Suppose I have a linear PDE of the form $u_{y} + u_{x} = x^2$.
Suppose also that the solution is of the form $u(x,y) = f_0(x) + \Sigma_{n=1}^{\infty} \alpha_{n}(y) \cos nx + \beta_{n}(y) \sin nx$.
The book I am reading suggests that I may write this as,
$f'_0(x) = x^2$,
$\alpha_{n}'(y) \cos nx - n \alpha_{n}(y) \sin nx = 0$,
$\beta_{n}'(y) \sin nx + n \beta_{n}(y) \cos nx = 0$.
Why is this allowed?
If the solution is on the form : $$u(x,y) = f_0(x) + \Sigma_{n=1}^{\infty} \left(\alpha_{n}(y) \cos nx + \beta_{n}(y) \sin nx\right)$$
$u_x = f'_0(x) + \Sigma_{n=1}^{\infty} \left(-n\alpha_{n}(y) \sin nx + n\beta_{n}(y) \cos nx\right)$.

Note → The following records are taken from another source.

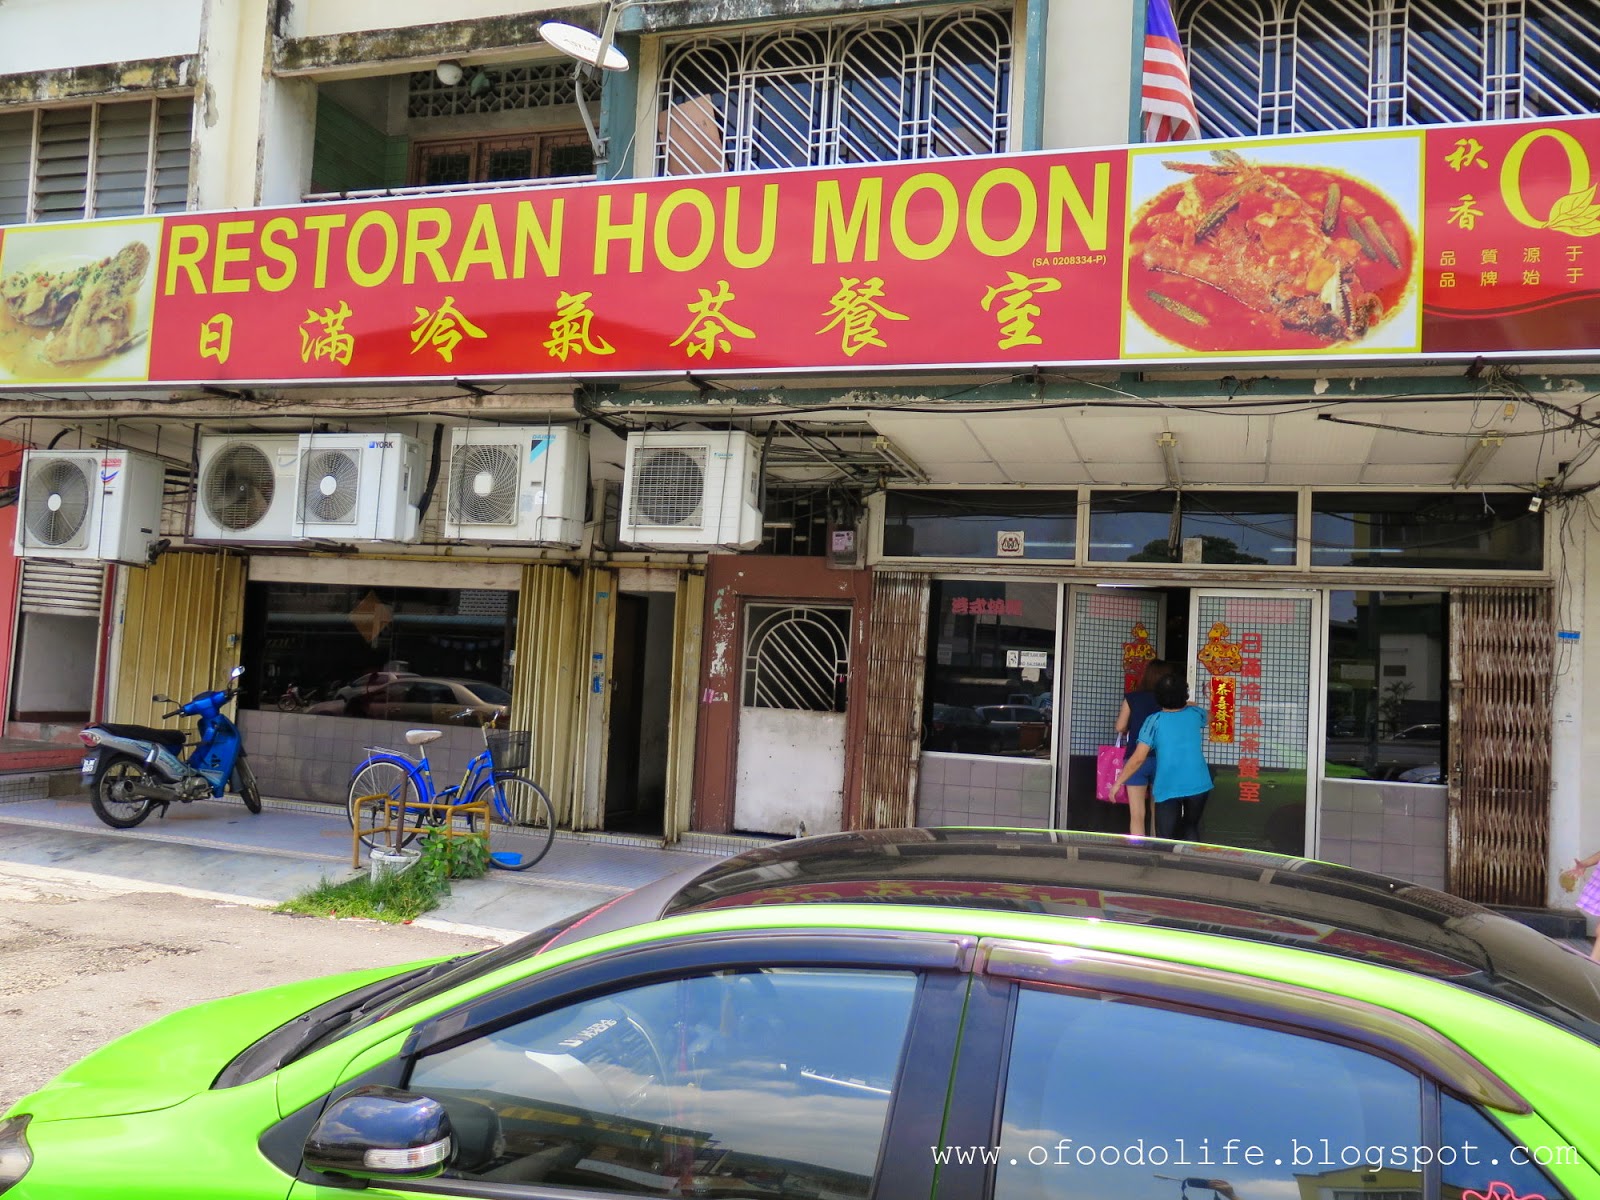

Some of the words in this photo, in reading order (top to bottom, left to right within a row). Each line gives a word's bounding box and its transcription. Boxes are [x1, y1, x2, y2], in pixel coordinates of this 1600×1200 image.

[165, 198, 565, 296] RESTORAN
[594, 184, 778, 275] HOU
[811, 162, 1110, 266] MOON
[1444, 138, 1489, 231] 秋香
[1032, 257, 1050, 268] (SA
[1052, 255, 1107, 266] 0208334-P)
[199, 271, 1062, 366] 日滿冷氣茶餐室
[375, 441, 394, 449] YORK

$u_y = \Sigma_{n=1}^{\infty} \left(\alpha'_{n}(y) \cos nx + \beta'_{n}(y) \sin nx\right)$
$$u_{y} + u_{x} = x^2 = f'_0(x) + \Sigma_{n=1}^{\infty} \left( -n\alpha_{n}(y) \sin nx + n\beta_{n}(y) \cos nx\right) + \Sigma_{n=1}^{\infty} \left(\alpha'_{n}(y) \cos nx + \beta'_{n}(y) \sin nx\right)$$
To be valid for any $x$ and $y$, it implies : $$\begin{cases} \quad f'_0(x) = x^2\\ -n\alpha_{n}(y)+ \beta'_{n}(y)=0\\ n\beta_{n}(y)+\alpha'_{n}(y)=0 \end{cases}$$ from which $\alpha_n(y)$ and $\beta_n(y)$ can be derived.
I have not enough information about the textbook and context to more comment.
Note :
Another way for solving $\quad u_x+u_y=x^2\quad$ is the method of characteristics.

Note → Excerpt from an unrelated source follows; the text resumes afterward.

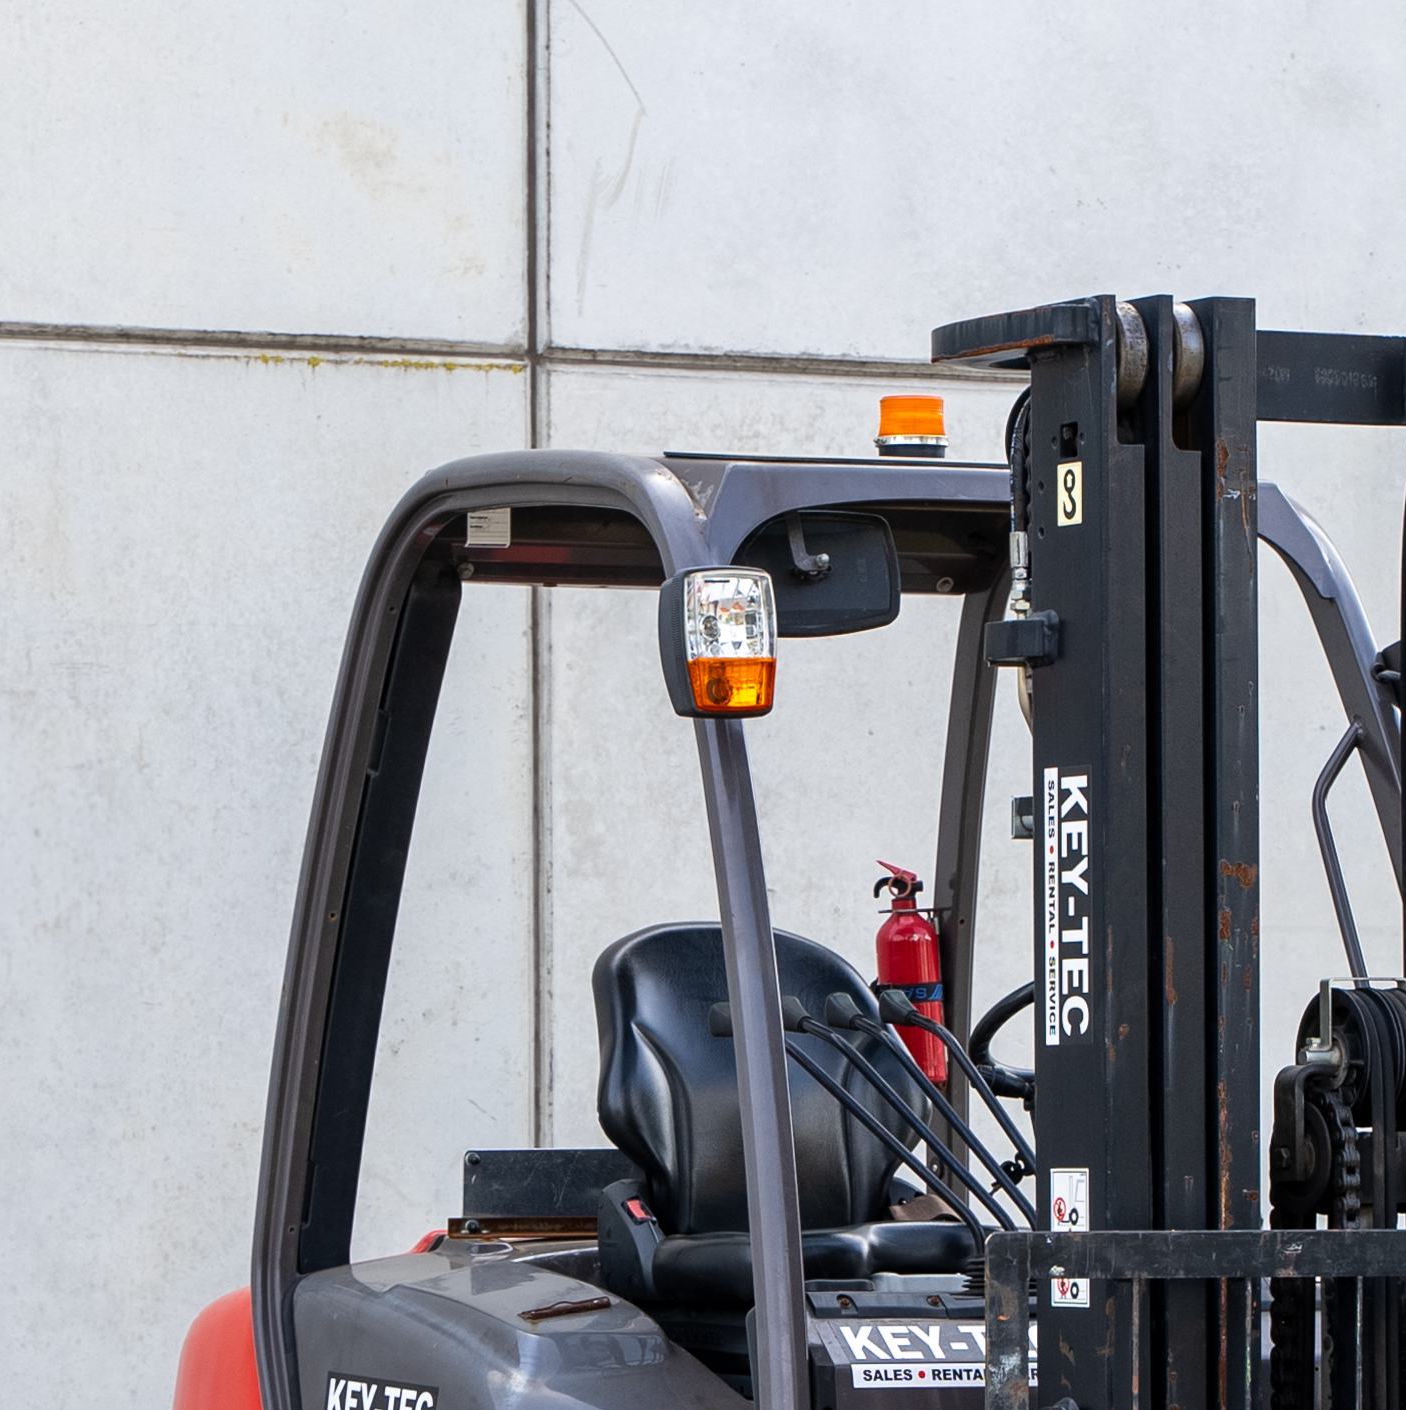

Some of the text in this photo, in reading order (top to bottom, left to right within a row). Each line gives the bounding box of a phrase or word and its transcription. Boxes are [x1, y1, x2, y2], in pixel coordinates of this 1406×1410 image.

The general solution is : $$u(x,y)=\frac13 x^3+F(y-x)$$ where $F$ is any differentiable function.
This is consistent with the above form where $f_0(x)=\frac13 x^3\quad,\quad f'_0(x)=x^2$.
$F(y-x)$ can be presented on the form of Fourier series as the above sinusoidal functions.